An example of the centre’s surgical rooms.

Holovashchenko, said some injured personnel had to endure delays hours or even multiple days before they could be transported due to the danger of air assaults. “Our facility received a pair of critically ill patients who came at the early hours. I had to perform a removal of both limbs on one of them. His tourniquet had been applied for such an extended period there was no other option.” What is his method with severe operations? “I’ve been healthcare for two decades. One must concentrate,” he remarked.

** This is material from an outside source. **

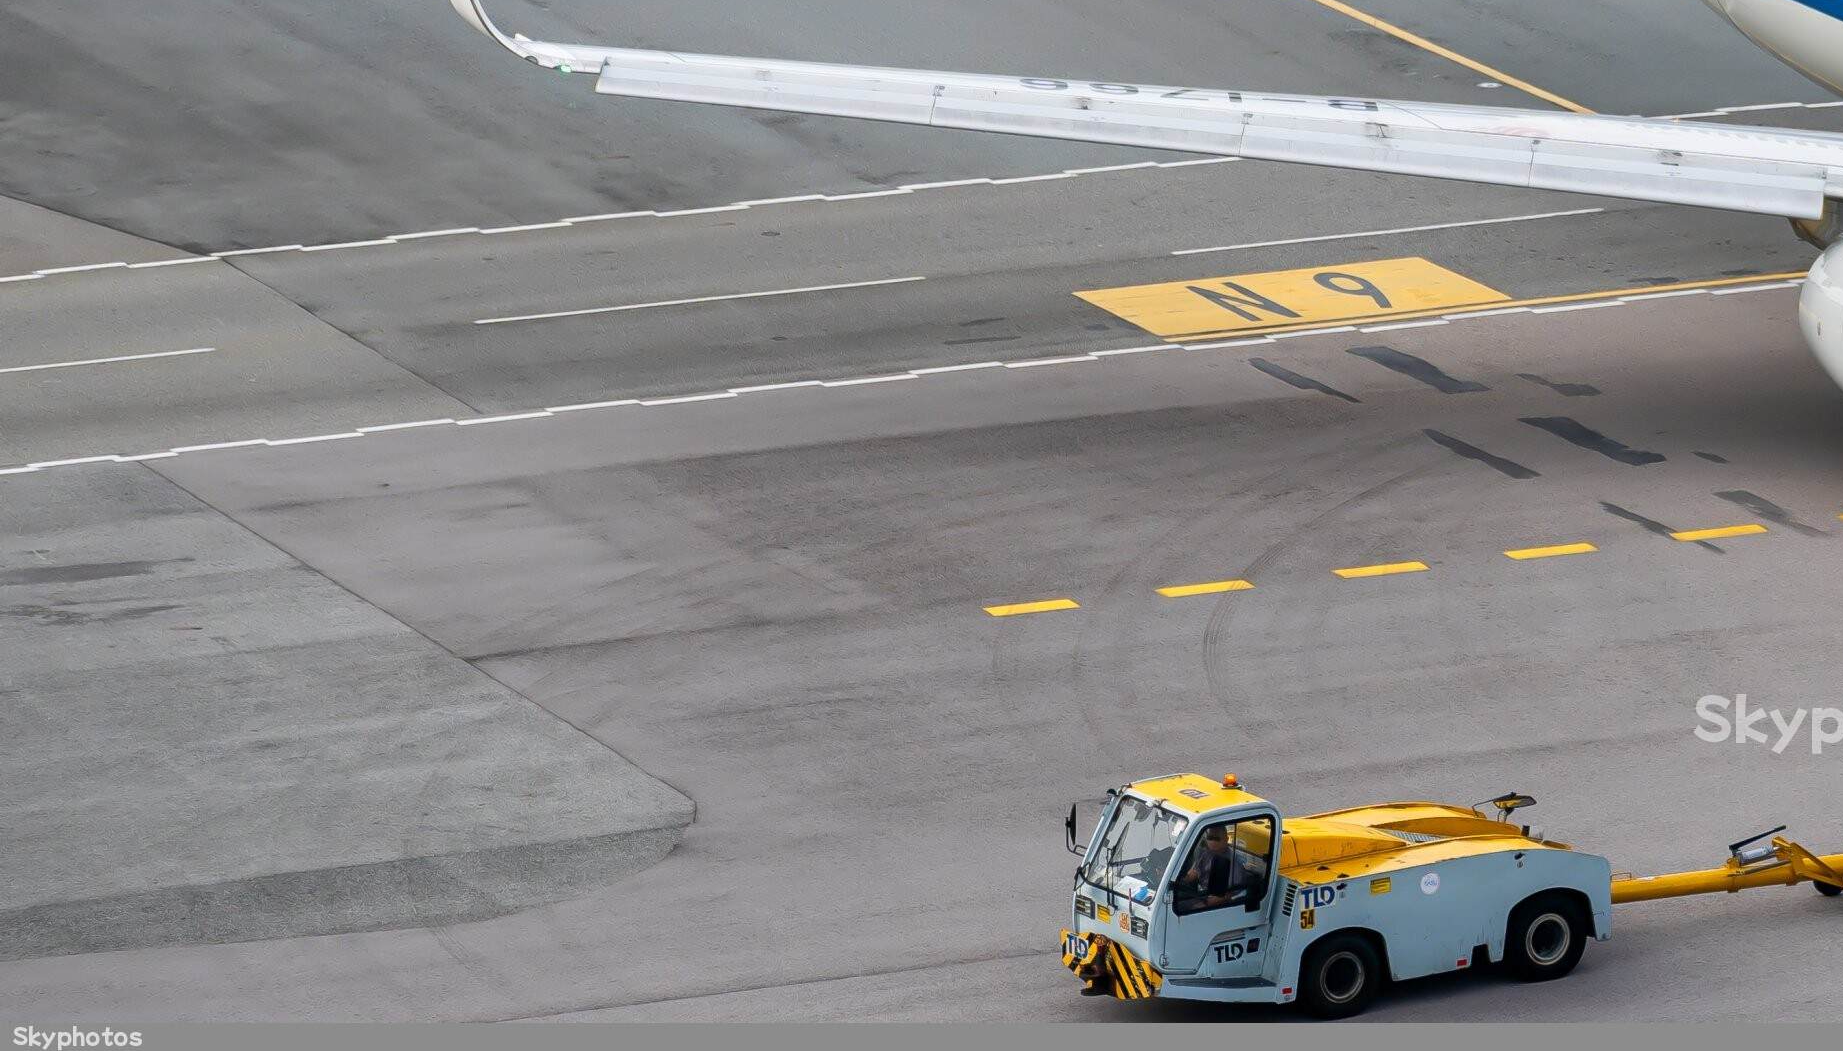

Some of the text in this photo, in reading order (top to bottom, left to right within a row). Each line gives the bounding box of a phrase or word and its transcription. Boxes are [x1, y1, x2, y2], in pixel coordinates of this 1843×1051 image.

Orderlies wheeled Mykolaichuk up the passage and into an emergency vehicle. The vehicle was parked under a bush. The patient and the two other military members were taken to the city of a major city for additional medical care. The underground medical team paused for rest. The hospital’s orange feline, Vasilevs, padded up to the entrance to greet the incoming patients. “Our facility operates open 24 hours a day,” Holovashchenko said. “It doesn’t stop.”

Kyle Higgins
Kyle Higgins

Elara is a tech journalist and AI researcher with over a decade of experience covering emerging technologies and their impact on society.